**Material for the task**
----
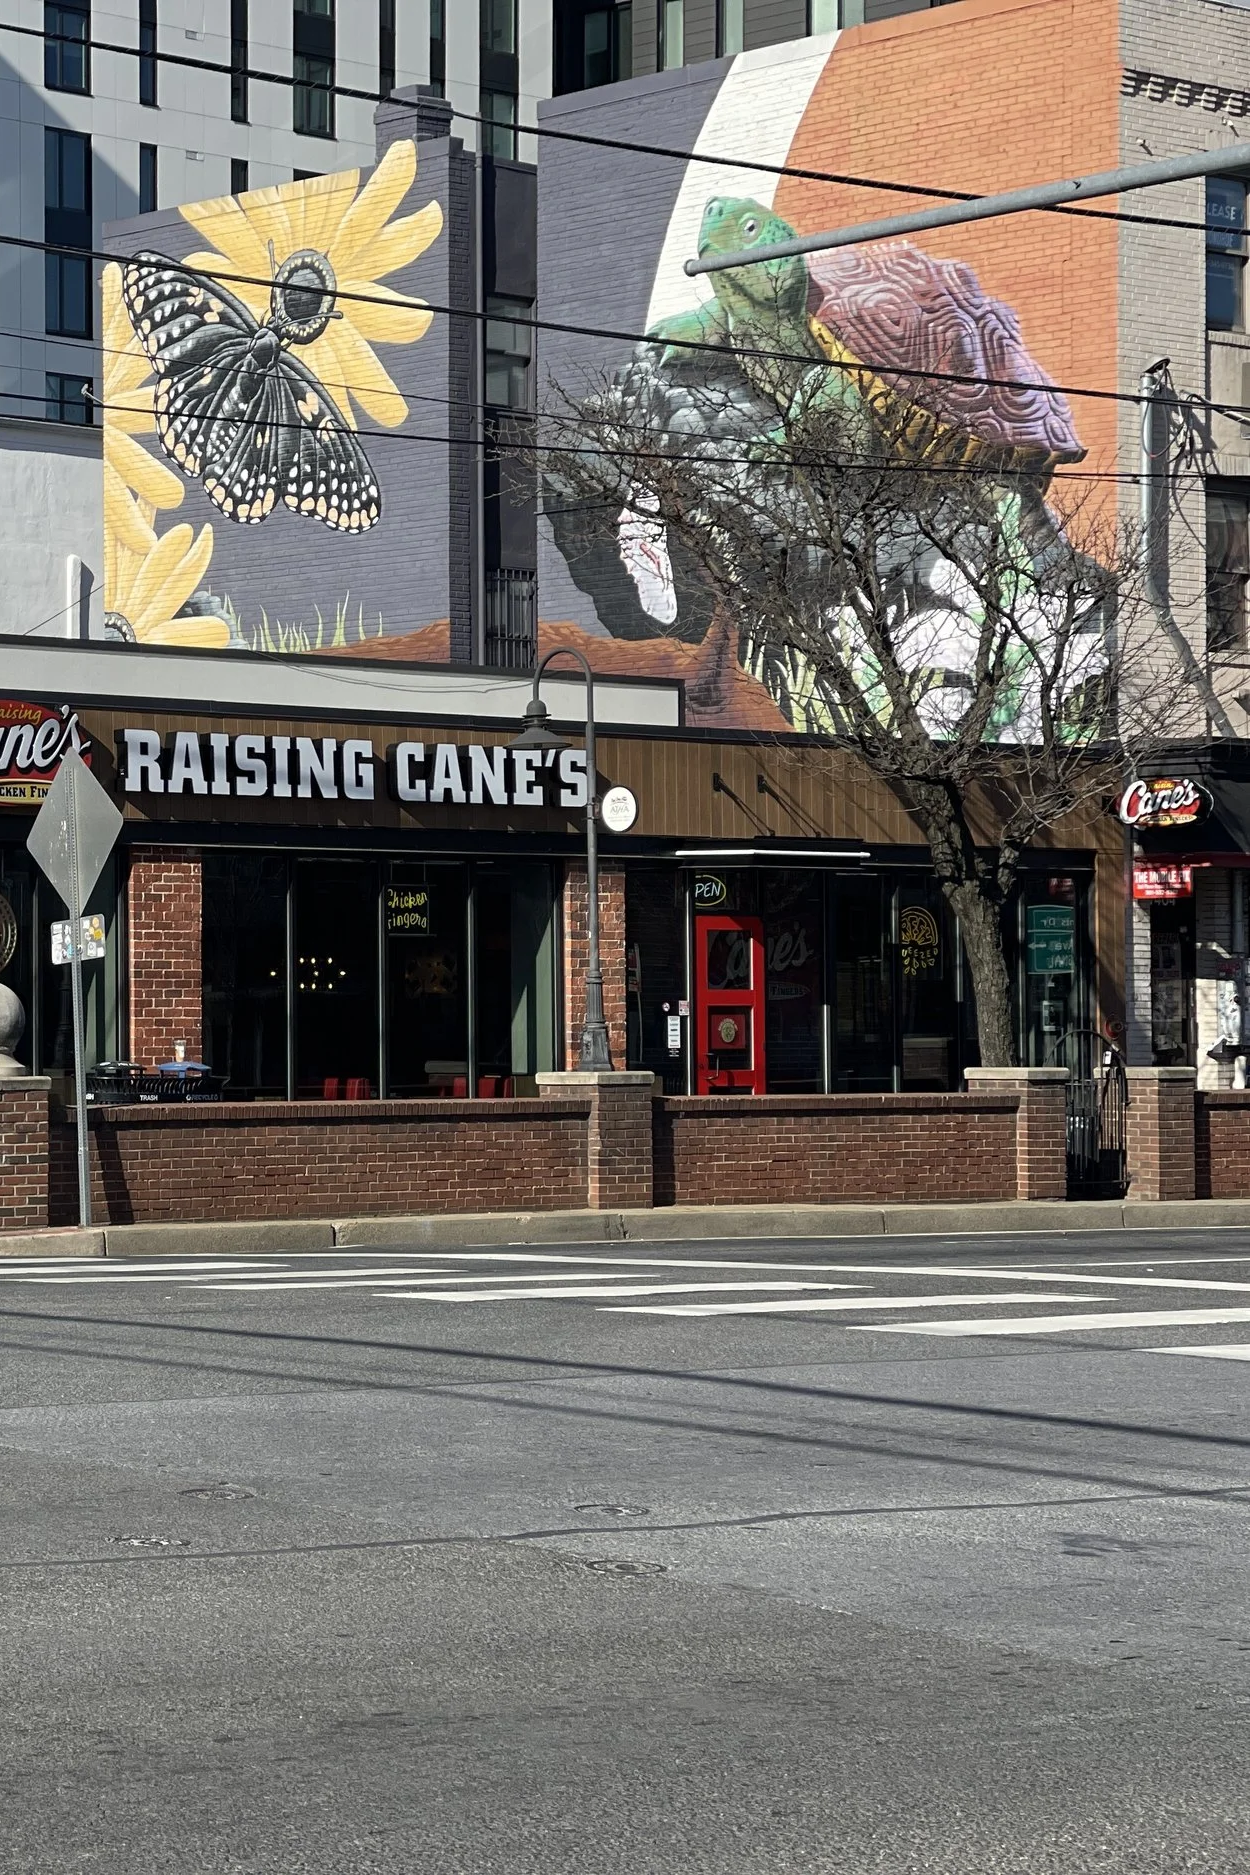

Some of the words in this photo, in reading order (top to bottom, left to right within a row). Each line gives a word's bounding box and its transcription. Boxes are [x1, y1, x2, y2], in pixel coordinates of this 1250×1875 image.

[123, 728, 375, 800] RAISING
[396, 741, 589, 808] CANE'S
[1119, 778, 1200, 825] Cane's
[1133, 871, 1148, 883] THE
[695, 882, 721, 898] PEN
[901, 946, 939, 959] UEEZED
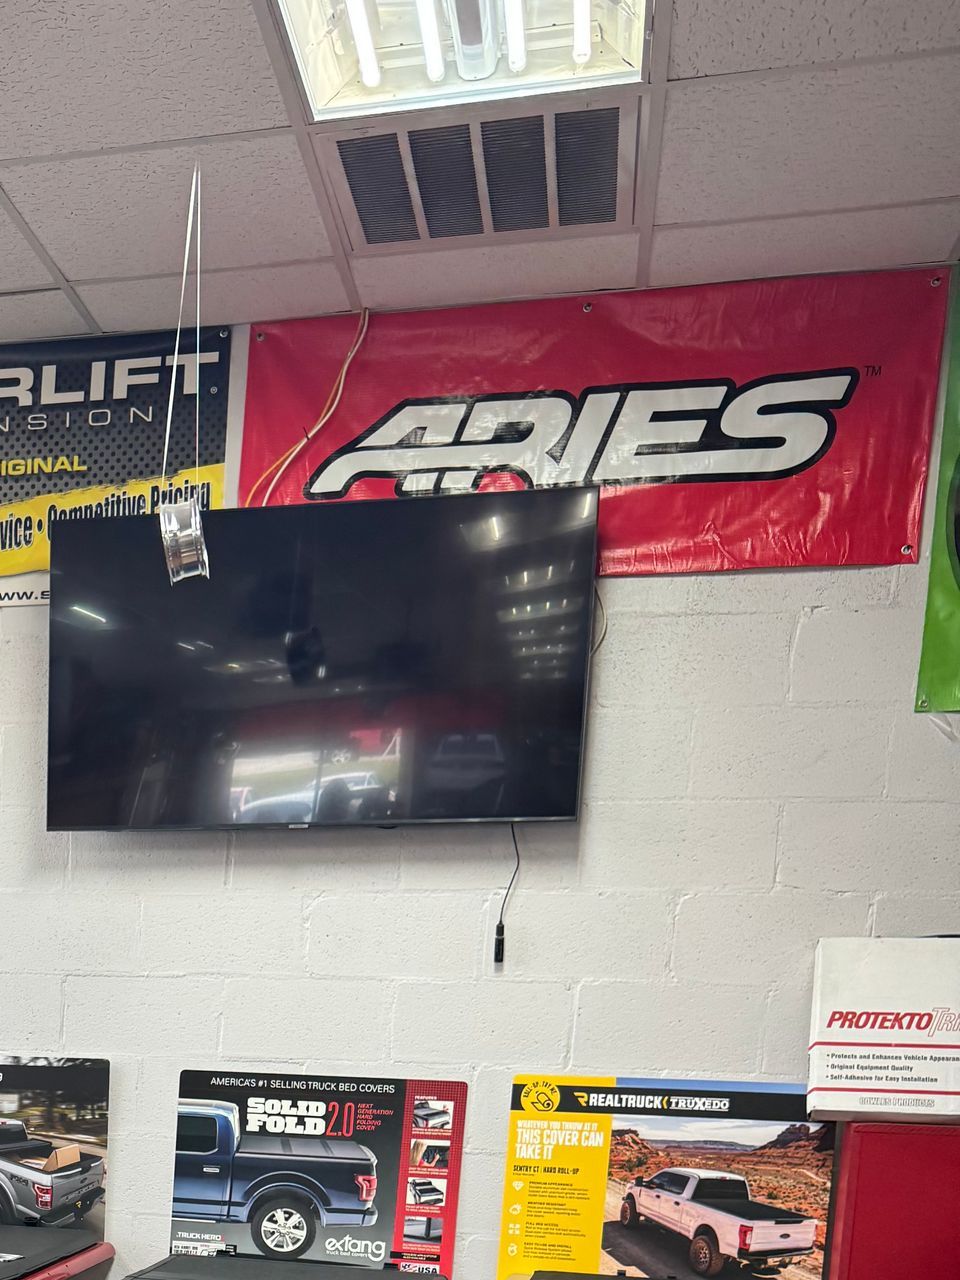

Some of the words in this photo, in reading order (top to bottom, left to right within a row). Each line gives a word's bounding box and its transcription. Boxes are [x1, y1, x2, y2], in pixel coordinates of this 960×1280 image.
----
Write down all the entries exactly, but not the pictures they hold.

Some of the words in this photo, in reading order (top to bottom, left to right within a row). Each line gives a word's bounding box and its transcription. Boxes are [x1, y1, x2, y2], in pixel coordinates of this 1250×1875 image.

[123, 728, 375, 800] RAISING
[396, 741, 589, 808] CANE'S
[1119, 778, 1200, 825] Cane's
[1133, 871, 1148, 883] THE
[695, 882, 721, 898] PEN
[901, 946, 939, 959] UEEZED

Some of the words in this photo, in reading order (top to bottom, left to right within a row). Each line gives a word's bounding box and its transcription. Boxes are [x1, y1, x2, y2], in pixel coordinates of this 960×1280 image.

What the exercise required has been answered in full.